## Extracted data entries:
━━━━━━━━━━

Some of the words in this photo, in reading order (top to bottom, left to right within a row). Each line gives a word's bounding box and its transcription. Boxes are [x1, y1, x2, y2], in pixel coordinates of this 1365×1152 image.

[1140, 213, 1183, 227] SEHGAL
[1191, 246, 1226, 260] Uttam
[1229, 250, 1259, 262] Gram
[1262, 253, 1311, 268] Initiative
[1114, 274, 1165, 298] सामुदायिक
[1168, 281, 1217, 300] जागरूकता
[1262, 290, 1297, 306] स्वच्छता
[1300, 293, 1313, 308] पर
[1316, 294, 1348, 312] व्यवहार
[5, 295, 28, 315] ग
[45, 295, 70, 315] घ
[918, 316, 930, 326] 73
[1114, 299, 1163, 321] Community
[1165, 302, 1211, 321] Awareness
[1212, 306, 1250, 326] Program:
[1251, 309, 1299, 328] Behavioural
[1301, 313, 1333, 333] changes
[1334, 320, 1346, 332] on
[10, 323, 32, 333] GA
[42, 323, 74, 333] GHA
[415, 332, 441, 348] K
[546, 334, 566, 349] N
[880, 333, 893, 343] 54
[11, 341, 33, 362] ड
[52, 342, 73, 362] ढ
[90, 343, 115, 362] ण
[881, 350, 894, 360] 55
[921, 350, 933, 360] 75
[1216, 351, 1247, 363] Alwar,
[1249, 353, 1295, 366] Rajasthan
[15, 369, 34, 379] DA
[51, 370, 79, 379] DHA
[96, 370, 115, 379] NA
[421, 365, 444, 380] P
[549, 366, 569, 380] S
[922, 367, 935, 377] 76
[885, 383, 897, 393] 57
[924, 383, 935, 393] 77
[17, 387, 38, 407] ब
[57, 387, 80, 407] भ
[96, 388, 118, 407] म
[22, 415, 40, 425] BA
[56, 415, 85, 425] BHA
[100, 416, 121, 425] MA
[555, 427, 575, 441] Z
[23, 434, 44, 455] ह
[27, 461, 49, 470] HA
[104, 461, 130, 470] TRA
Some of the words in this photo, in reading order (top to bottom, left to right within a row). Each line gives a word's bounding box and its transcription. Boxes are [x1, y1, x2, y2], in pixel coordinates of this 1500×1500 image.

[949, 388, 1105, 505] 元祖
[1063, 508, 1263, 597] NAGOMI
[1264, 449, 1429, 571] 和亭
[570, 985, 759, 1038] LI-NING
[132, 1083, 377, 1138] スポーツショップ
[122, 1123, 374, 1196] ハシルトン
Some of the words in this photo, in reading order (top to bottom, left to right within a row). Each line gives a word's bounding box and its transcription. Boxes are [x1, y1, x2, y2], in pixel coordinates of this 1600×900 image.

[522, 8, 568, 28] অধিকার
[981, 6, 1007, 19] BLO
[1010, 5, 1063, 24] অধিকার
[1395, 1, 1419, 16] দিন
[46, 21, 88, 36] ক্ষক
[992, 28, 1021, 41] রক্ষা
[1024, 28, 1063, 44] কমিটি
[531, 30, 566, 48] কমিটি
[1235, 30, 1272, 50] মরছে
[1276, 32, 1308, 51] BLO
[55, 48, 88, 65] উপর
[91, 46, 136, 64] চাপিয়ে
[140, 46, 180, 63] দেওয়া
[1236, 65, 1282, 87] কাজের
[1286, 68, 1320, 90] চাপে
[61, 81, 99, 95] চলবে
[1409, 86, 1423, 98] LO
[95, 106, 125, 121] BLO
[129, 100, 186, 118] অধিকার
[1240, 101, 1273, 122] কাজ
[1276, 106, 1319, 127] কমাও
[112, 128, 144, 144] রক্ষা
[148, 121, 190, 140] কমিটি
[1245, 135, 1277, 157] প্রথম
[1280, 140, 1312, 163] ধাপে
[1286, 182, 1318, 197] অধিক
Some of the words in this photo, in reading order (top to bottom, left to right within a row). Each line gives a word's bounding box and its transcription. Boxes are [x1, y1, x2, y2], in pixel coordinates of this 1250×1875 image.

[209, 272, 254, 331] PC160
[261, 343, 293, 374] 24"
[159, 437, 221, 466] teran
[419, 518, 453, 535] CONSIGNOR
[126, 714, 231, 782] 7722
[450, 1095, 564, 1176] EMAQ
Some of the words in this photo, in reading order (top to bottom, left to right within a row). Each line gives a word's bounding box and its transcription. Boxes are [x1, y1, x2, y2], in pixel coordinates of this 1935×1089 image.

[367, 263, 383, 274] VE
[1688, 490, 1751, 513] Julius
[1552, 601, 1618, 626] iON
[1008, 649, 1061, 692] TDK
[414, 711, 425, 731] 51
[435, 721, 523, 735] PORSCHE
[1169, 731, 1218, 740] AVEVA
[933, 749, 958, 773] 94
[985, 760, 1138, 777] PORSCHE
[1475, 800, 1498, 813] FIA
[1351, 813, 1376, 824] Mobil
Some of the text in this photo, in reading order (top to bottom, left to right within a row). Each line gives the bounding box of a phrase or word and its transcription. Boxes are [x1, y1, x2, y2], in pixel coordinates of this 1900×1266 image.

━━━━━━━━━━

## Task brief:
Repeat every line of the data verbatim.

## Result of the task:
Some of the words in this photo, in reading order (top to bottom, left to right within a row). Each line gives a word's bounding box and its transcription. Boxes are [x1, y1, x2, y2], in pixel coordinates of this 1365×1152 image.

[1140, 213, 1183, 227] SEHGAL
[1191, 246, 1226, 260] Uttam
[1229, 250, 1259, 262] Gram
[1262, 253, 1311, 268] Initiative
[1114, 274, 1165, 298] सामुदायिक
[1168, 281, 1217, 300] जागरूकता
[1262, 290, 1297, 306] स्वच्छता
[1300, 293, 1313, 308] पर
[1316, 294, 1348, 312] व्यवहार
[5, 295, 28, 315] ग
[45, 295, 70, 315] घ
[918, 316, 930, 326] 73
[1114, 299, 1163, 321] Community
[1165, 302, 1211, 321] Awareness
[1212, 306, 1250, 326] Program:
[1251, 309, 1299, 328] Behavioural
[1301, 313, 1333, 333] changes
[1334, 320, 1346, 332] on
[10, 323, 32, 333] GA
[42, 323, 74, 333] GHA
[415, 332, 441, 348] K
[546, 334, 566, 349] N
[880, 333, 893, 343] 54
[11, 341, 33, 362] ड
[52, 342, 73, 362] ढ
[90, 343, 115, 362] ण
[881, 350, 894, 360] 55
[921, 350, 933, 360] 75
[1216, 351, 1247, 363] Alwar,
[1249, 353, 1295, 366] Rajasthan
[15, 369, 34, 379] DA
[51, 370, 79, 379] DHA
[96, 370, 115, 379] NA
[421, 365, 444, 380] P
[549, 366, 569, 380] S
[922, 367, 935, 377] 76
[885, 383, 897, 393] 57
[924, 383, 935, 393] 77
[17, 387, 38, 407] ब
[57, 387, 80, 407] भ
[96, 388, 118, 407] म
[22, 415, 40, 425] BA
[56, 415, 85, 425] BHA
[100, 416, 121, 425] MA
[555, 427, 575, 441] Z
[23, 434, 44, 455] ह
[27, 461, 49, 470] HA
[104, 461, 130, 470] TRA
Some of the words in this photo, in reading order (top to bottom, left to right within a row). Each line gives a word's bounding box and its transcription. Boxes are [x1, y1, x2, y2], in pixel coordinates of this 1500×1500 image.

[949, 388, 1105, 505] 元祖
[1063, 508, 1263, 597] NAGOMI
[1264, 449, 1429, 571] 和亭
[570, 985, 759, 1038] LI-NING
[132, 1083, 377, 1138] スポーツショップ
[122, 1123, 374, 1196] ハシルトン
Some of the words in this photo, in reading order (top to bottom, left to right within a row). Each line gives a word's bounding box and its transcription. Boxes are [x1, y1, x2, y2], in pixel coordinates of this 1600×900 image.

[522, 8, 568, 28] অধিকার
[981, 6, 1007, 19] BLO
[1010, 5, 1063, 24] অধিকার
[1395, 1, 1419, 16] দিন
[46, 21, 88, 36] ক্ষক
[992, 28, 1021, 41] রক্ষা
[1024, 28, 1063, 44] কমিটি
[531, 30, 566, 48] কমিটি
[1235, 30, 1272, 50] মরছে
[1276, 32, 1308, 51] BLO
[55, 48, 88, 65] উপর
[91, 46, 136, 64] চাপিয়ে
[140, 46, 180, 63] দেওয়া
[1236, 65, 1282, 87] কাজের
[1286, 68, 1320, 90] চাপে
[61, 81, 99, 95] চলবে
[1409, 86, 1423, 98] LO
[95, 106, 125, 121] BLO
[129, 100, 186, 118] অধিকার
[1240, 101, 1273, 122] কাজ
[1276, 106, 1319, 127] কমাও
[112, 128, 144, 144] রক্ষা
[148, 121, 190, 140] কমিটি
[1245, 135, 1277, 157] প্রথম
[1280, 140, 1312, 163] ধাপে
[1286, 182, 1318, 197] অধিক
Some of the words in this photo, in reading order (top to bottom, left to right within a row). Each line gives a word's bounding box and its transcription. Boxes are [x1, y1, x2, y2], in pixel coordinates of this 1250×1875 image.

[209, 272, 254, 331] PC160
[261, 343, 293, 374] 24"
[159, 437, 221, 466] teran
[419, 518, 453, 535] CONSIGNOR
[126, 714, 231, 782] 7722
[450, 1095, 564, 1176] EMAQ
Some of the words in this photo, in reading order (top to bottom, left to right within a row). Each line gives a word's bounding box and its transcription. Boxes are [x1, y1, x2, y2], in pixel coordinates of this 1935×1089 image.

[367, 263, 383, 274] VE
[1688, 490, 1751, 513] Julius
[1552, 601, 1618, 626] iON
[1008, 649, 1061, 692] TDK
[414, 711, 425, 731] 51
[435, 721, 523, 735] PORSCHE
[1169, 731, 1218, 740] AVEVA
[933, 749, 958, 773] 94
[985, 760, 1138, 777] PORSCHE
[1475, 800, 1498, 813] FIA
[1351, 813, 1376, 824] Mobil
Some of the text in this photo, in reading order (top to bottom, left to right within a row). Each line gives the bounding box of a phrase or word and its transcription. Boxes are [x1, y1, x2, y2], in pixel coordinates of this 1900×1266 image.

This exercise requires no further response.